== STUDY MATERIAL

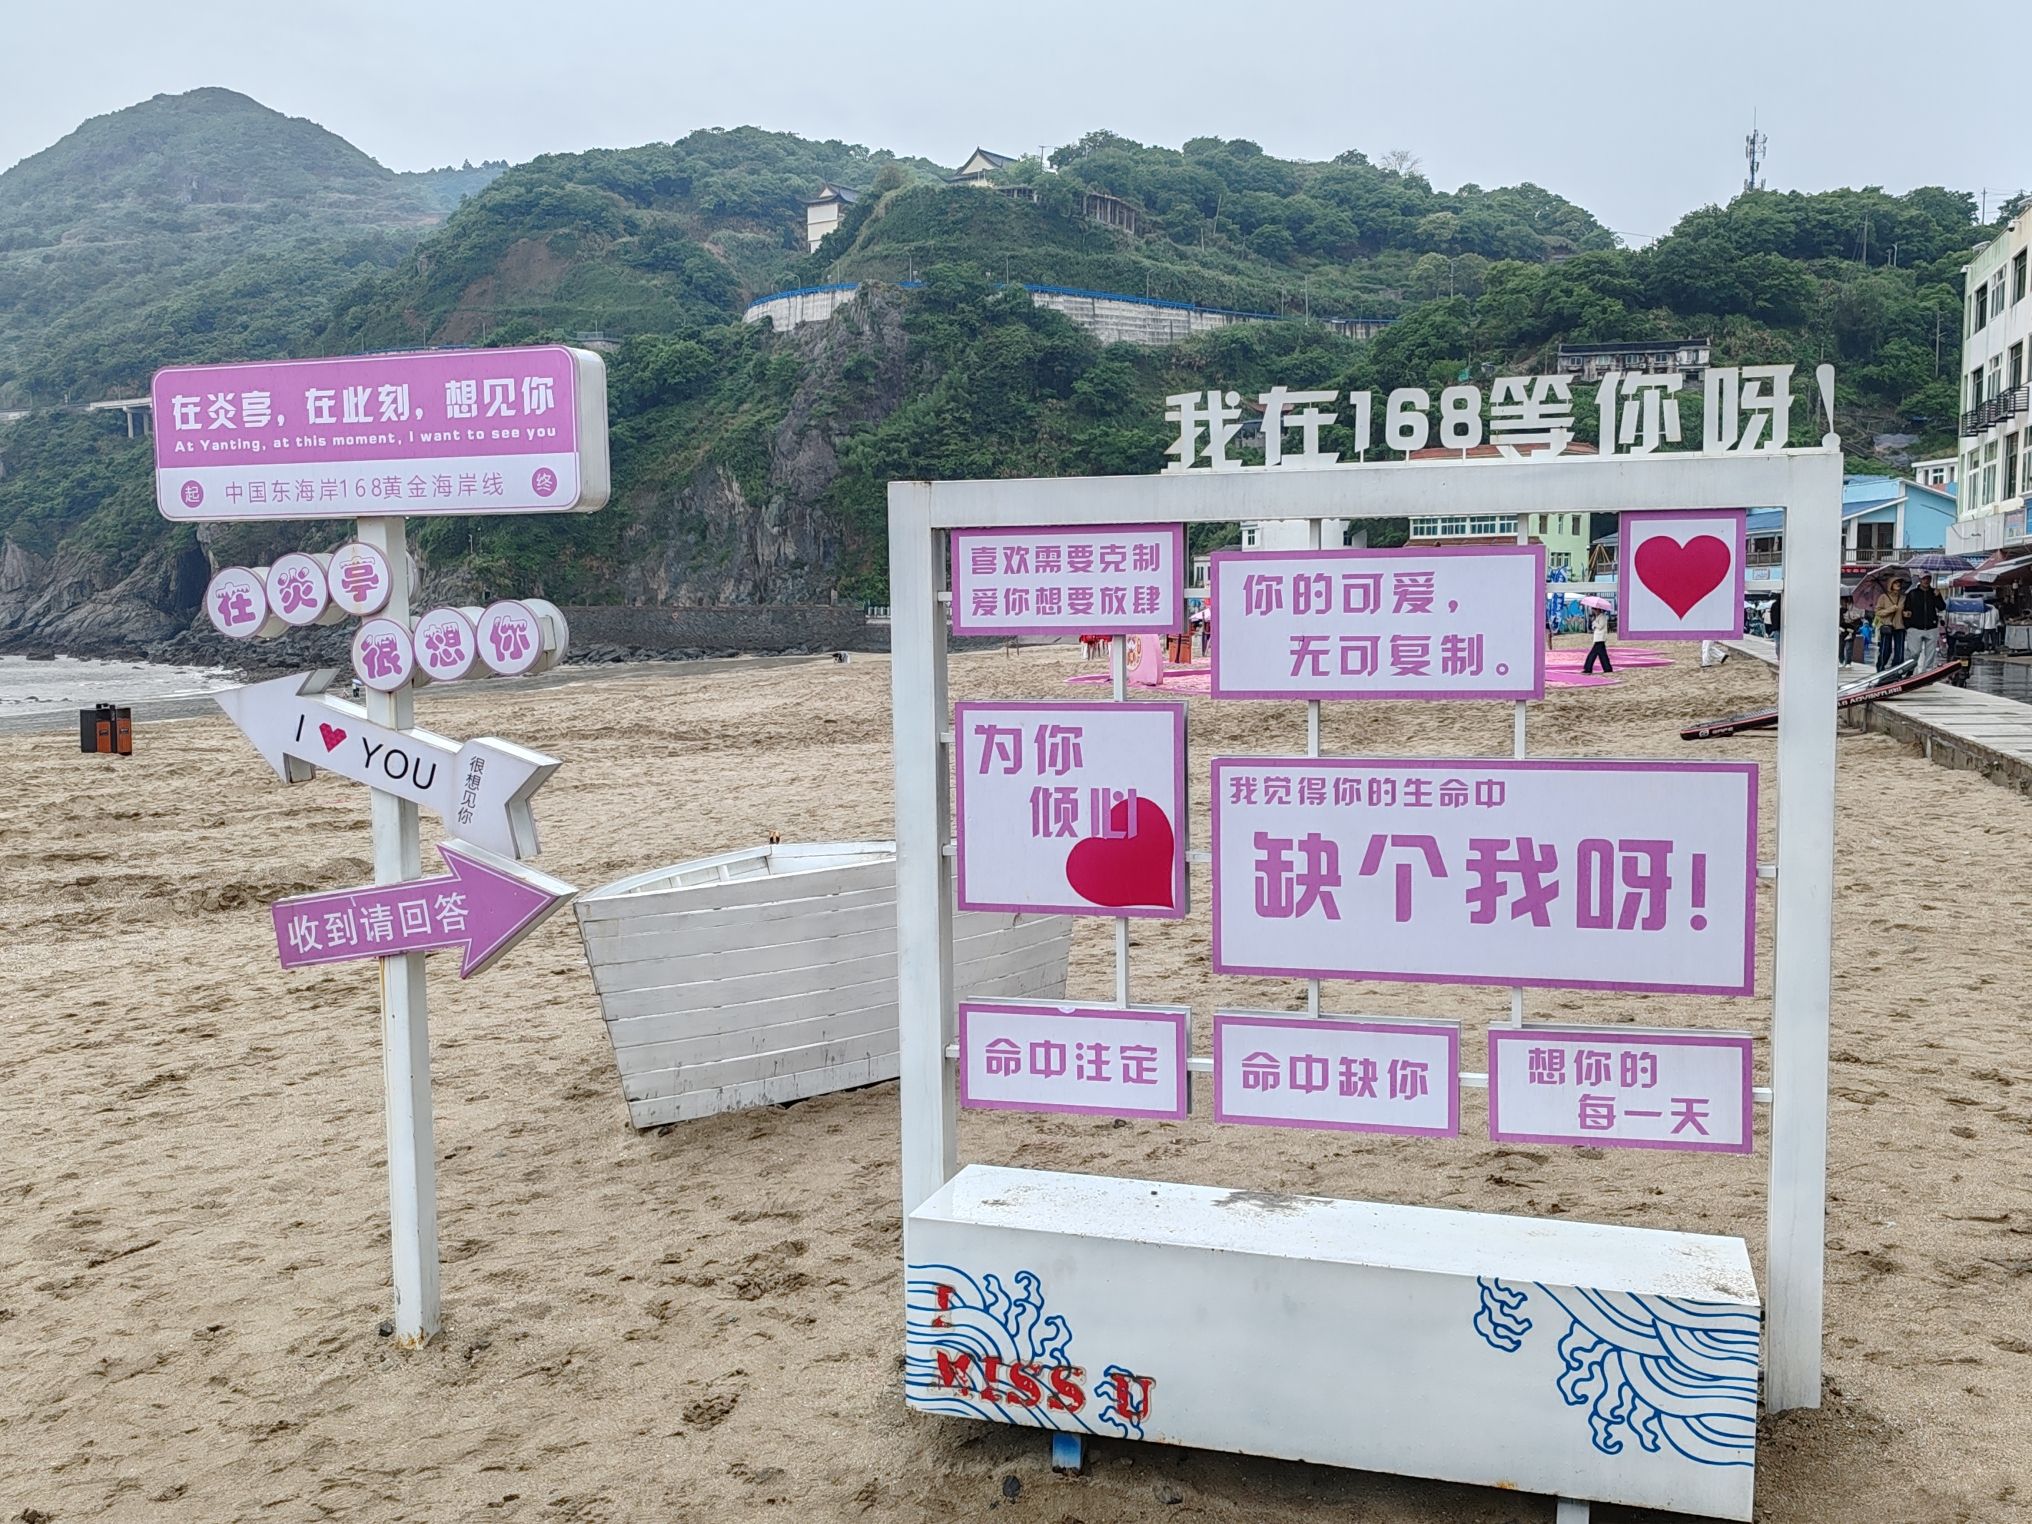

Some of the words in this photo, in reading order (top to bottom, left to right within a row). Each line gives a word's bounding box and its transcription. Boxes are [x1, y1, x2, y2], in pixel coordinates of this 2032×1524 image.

[175, 440, 194, 452] At
[200, 438, 267, 452] Yanting,
[273, 437, 290, 448] at
[296, 435, 327, 447] this
[332, 432, 402, 446] moment,
[409, 431, 414, 442] I
[420, 429, 461, 443] want
[467, 429, 485, 440] to
[492, 428, 520, 439] see
[527, 427, 556, 441] you
[185, 486, 200, 502] 起
[225, 472, 504, 504] 中国东海岸168黄金海岸线
[536, 473, 552, 491] 终
[970, 542, 1160, 575] 喜欢需要克制
[971, 585, 1161, 616] 爱你想要放肆
[1243, 571, 1459, 616] 你的可爱，
[1289, 634, 1509, 677] 无可复制。
[295, 714, 305, 742] I
[362, 736, 437, 790] YOU
[974, 724, 1084, 776] 为你
[456, 755, 485, 825] 很想见你
[1229, 775, 1507, 809] 我觉得你的生命中
[1029, 786, 1138, 840] 倾心
[1253, 831, 1708, 931] 缺个我呀！
[287, 892, 470, 954] 收到请回答
[985, 1037, 1159, 1085] 命中注定
[1241, 1051, 1429, 1100] 命中缺你
[1528, 1047, 1658, 1089] 想你的
[1578, 1094, 1711, 1136] 每一天
[1110, 1372, 1157, 1422] U

====

Output every entry exactly, leaving out pictures.

### ANSWER SECTION
Some of the words in this photo, in reading order (top to bottom, left to right within a row). Each line gives a word's bounding box and its transcription. Boxes are [x1, y1, x2, y2], in pixel coordinates of this 2032×1524 image.

[175, 440, 194, 452] At
[200, 438, 267, 452] Yanting,
[273, 437, 290, 448] at
[296, 435, 327, 447] this
[332, 432, 402, 446] moment,
[409, 431, 414, 442] I
[420, 429, 461, 443] want
[467, 429, 485, 440] to
[492, 428, 520, 439] see
[527, 427, 556, 441] you
[185, 486, 200, 502] 起
[225, 472, 504, 504] 中国东海岸168黄金海岸线
[536, 473, 552, 491] 终
[970, 542, 1160, 575] 喜欢需要克制
[971, 585, 1161, 616] 爱你想要放肆
[1243, 571, 1459, 616] 你的可爱，
[1289, 634, 1509, 677] 无可复制。
[295, 714, 305, 742] I
[362, 736, 437, 790] YOU
[974, 724, 1084, 776] 为你
[456, 755, 485, 825] 很想见你
[1229, 775, 1507, 809] 我觉得你的生命中
[1029, 786, 1138, 840] 倾心
[1253, 831, 1708, 931] 缺个我呀！
[287, 892, 470, 954] 收到请回答
[985, 1037, 1159, 1085] 命中注定
[1241, 1051, 1429, 1100] 命中缺你
[1528, 1047, 1658, 1089] 想你的
[1578, 1094, 1711, 1136] 每一天
[1110, 1372, 1157, 1422] U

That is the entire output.